EXERCISE GOAL →
Your output should be the records below, word for word and picture-free.

[Referring expression grounding data]
-- Opening Marker --
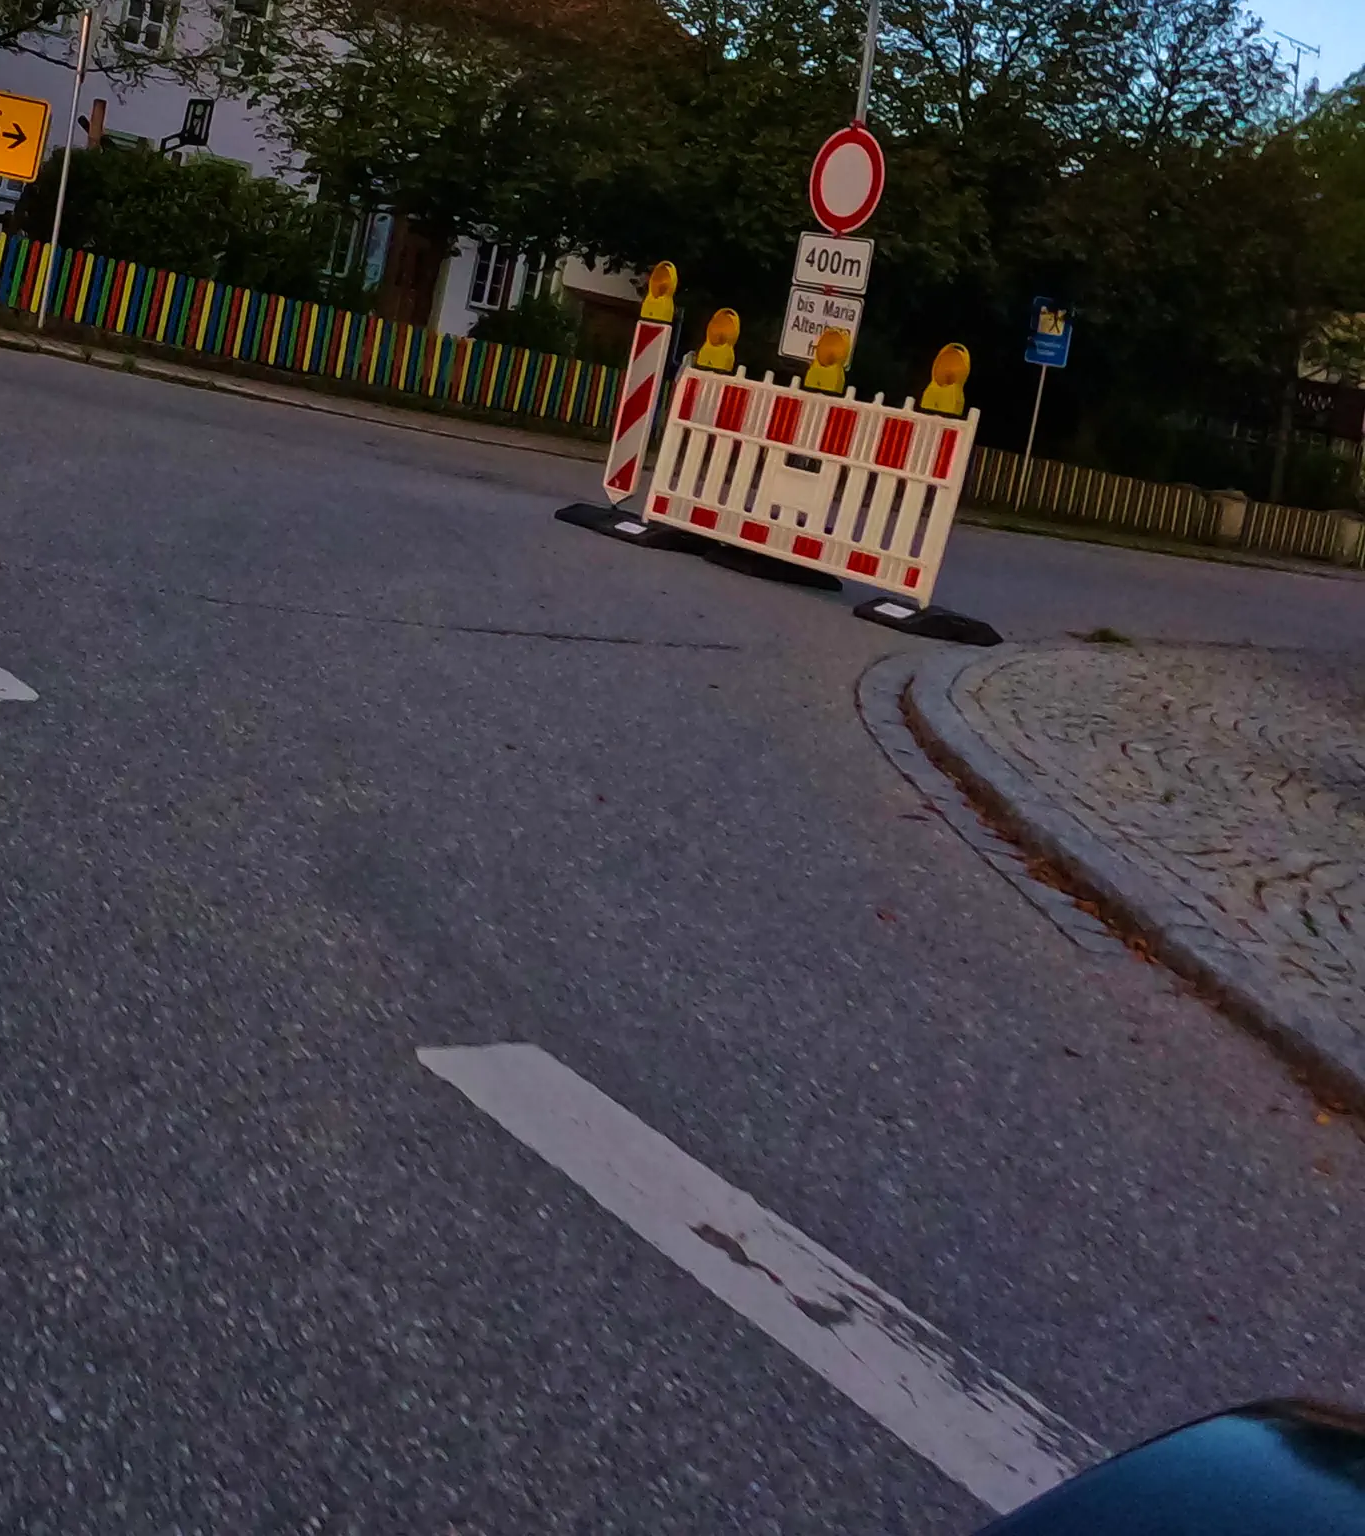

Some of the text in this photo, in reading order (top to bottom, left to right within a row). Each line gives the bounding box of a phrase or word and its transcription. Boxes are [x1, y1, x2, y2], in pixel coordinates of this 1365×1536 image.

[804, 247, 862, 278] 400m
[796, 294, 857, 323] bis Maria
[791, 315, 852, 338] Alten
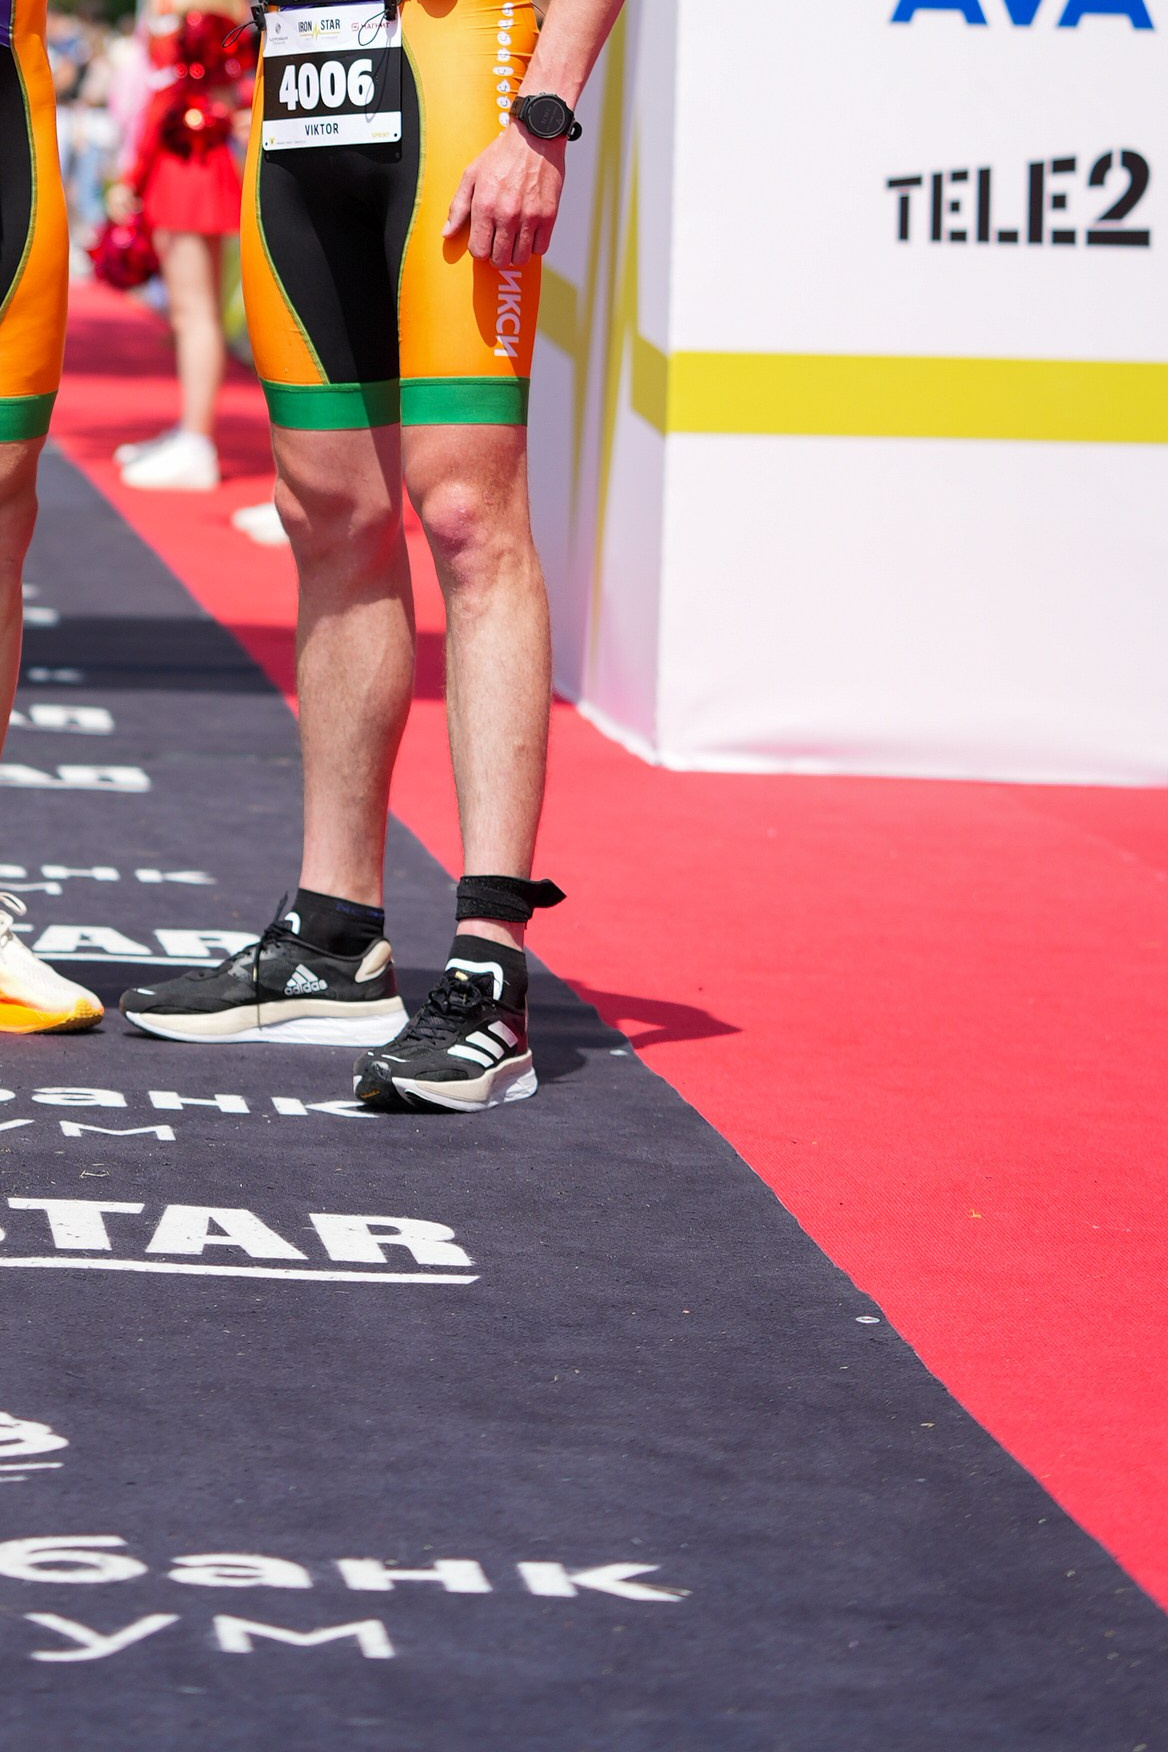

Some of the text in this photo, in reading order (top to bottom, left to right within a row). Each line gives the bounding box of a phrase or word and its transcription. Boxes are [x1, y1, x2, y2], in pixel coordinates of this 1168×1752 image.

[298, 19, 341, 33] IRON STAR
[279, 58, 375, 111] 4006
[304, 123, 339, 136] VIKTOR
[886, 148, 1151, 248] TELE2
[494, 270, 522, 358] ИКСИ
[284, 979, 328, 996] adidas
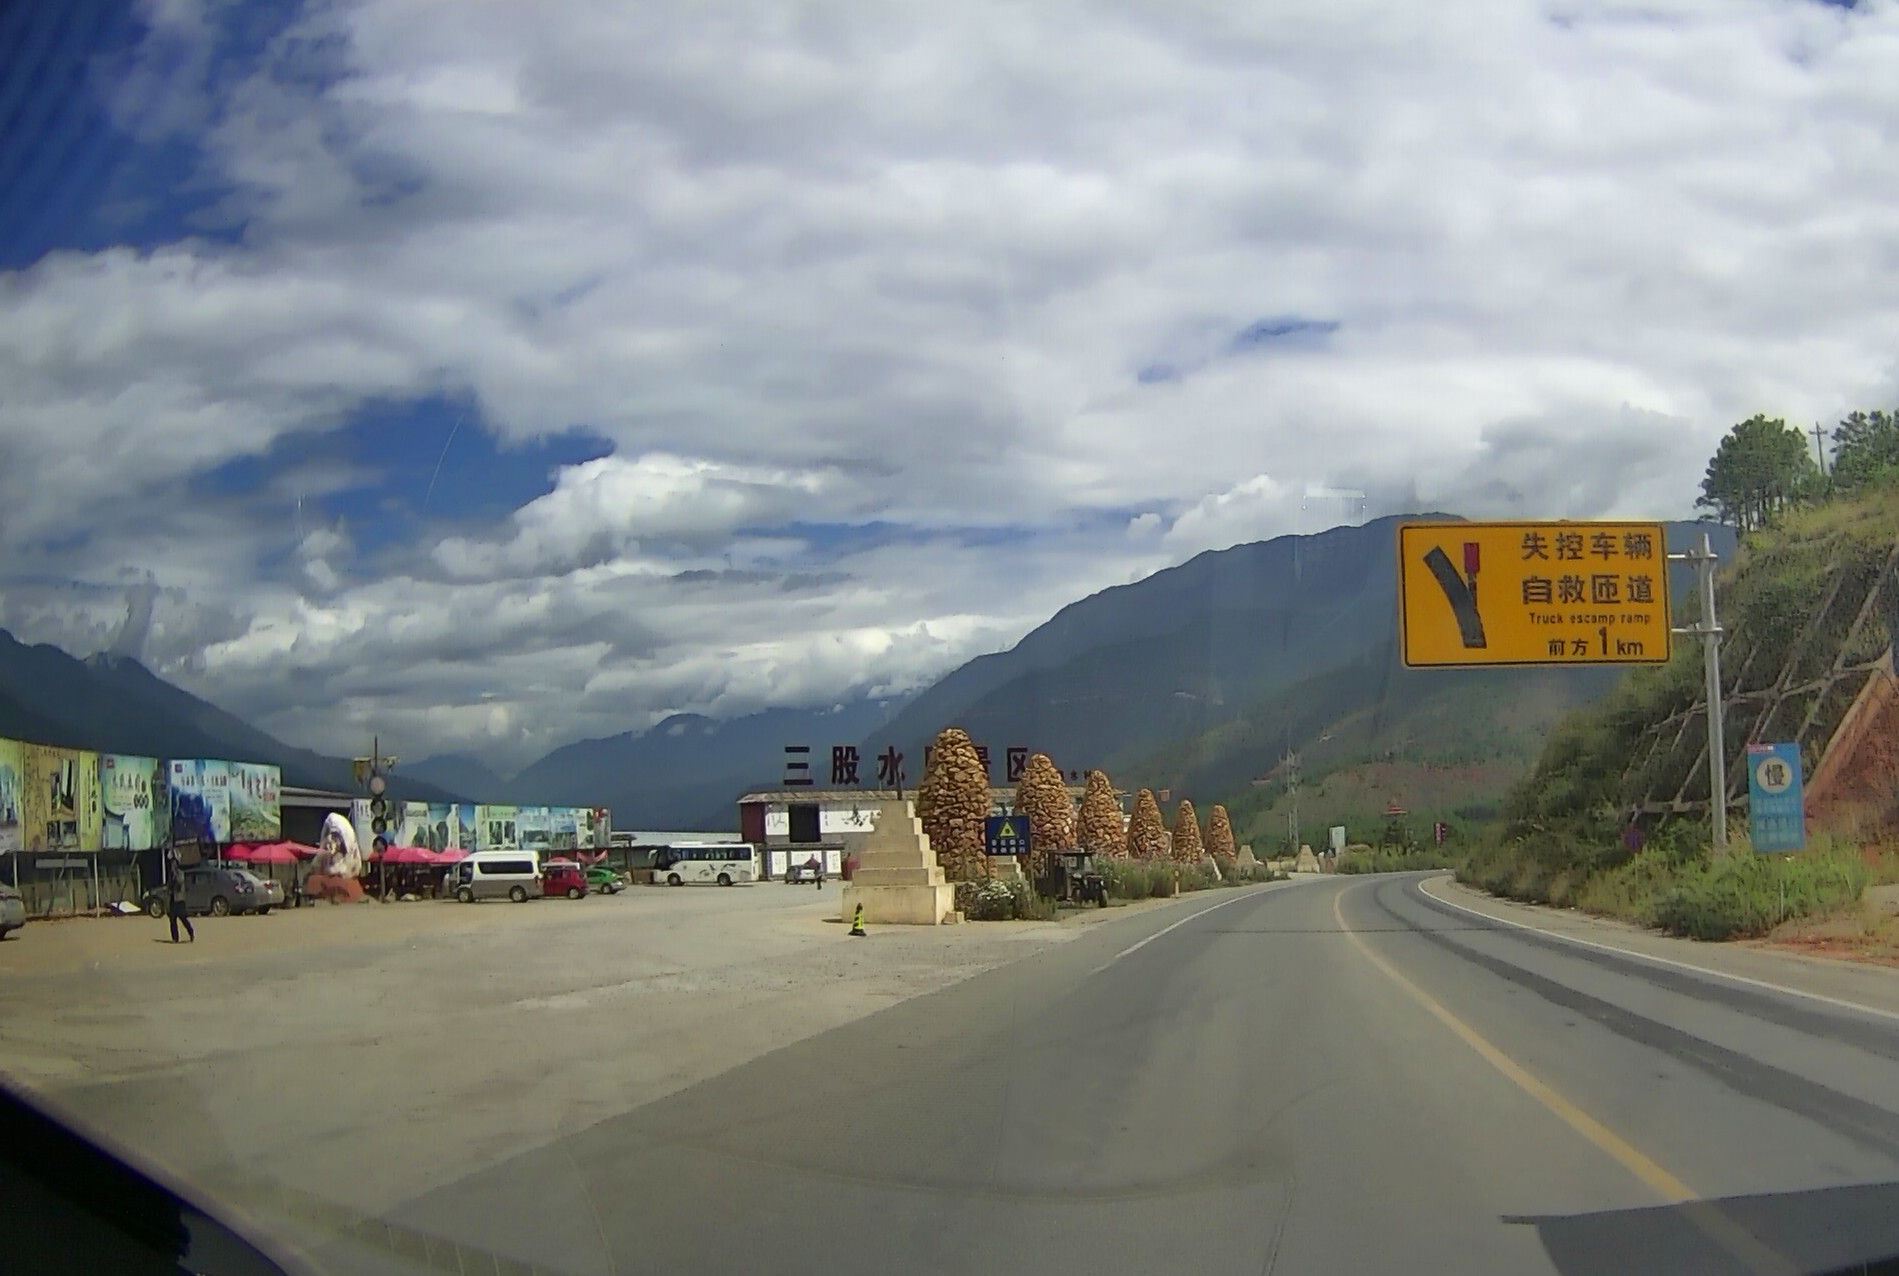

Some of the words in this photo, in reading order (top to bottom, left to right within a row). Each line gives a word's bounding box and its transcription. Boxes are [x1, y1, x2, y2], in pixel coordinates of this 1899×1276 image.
-- Closing Marker --
SOLUTION TO THIS EXERCISE →
Some of the text in this photo, in reading order (top to bottom, left to right within a row). Each line gives the bounding box of a phrase or word and its transcription. Boxes are [x1, y1, x2, y2], in pixel coordinates of this 1365×1536 image.

[804, 247, 862, 278] 400m
[796, 294, 857, 323] bis Maria
[791, 315, 852, 338] Alten

Some of the text in this photo, in reading order (top to bottom, left to right within a row). Each line gives the bounding box of a phrase or word and its transcription. Boxes are [x1, y1, x2, y2], in pixel coordinates of this 1168×1752 image.

[298, 19, 341, 33] IRON STAR
[279, 58, 375, 111] 4006
[304, 123, 339, 136] VIKTOR
[886, 148, 1151, 248] TELE2
[494, 270, 522, 358] ИКСИ
[284, 979, 328, 996] adidas

Some of the words in this photo, in reading order (top to bottom, left to right within a row). Each line gives a word's bounding box and its transcription. Boxes are [x1, y1, x2, y2], in pixel coordinates of this 1899×1276 image.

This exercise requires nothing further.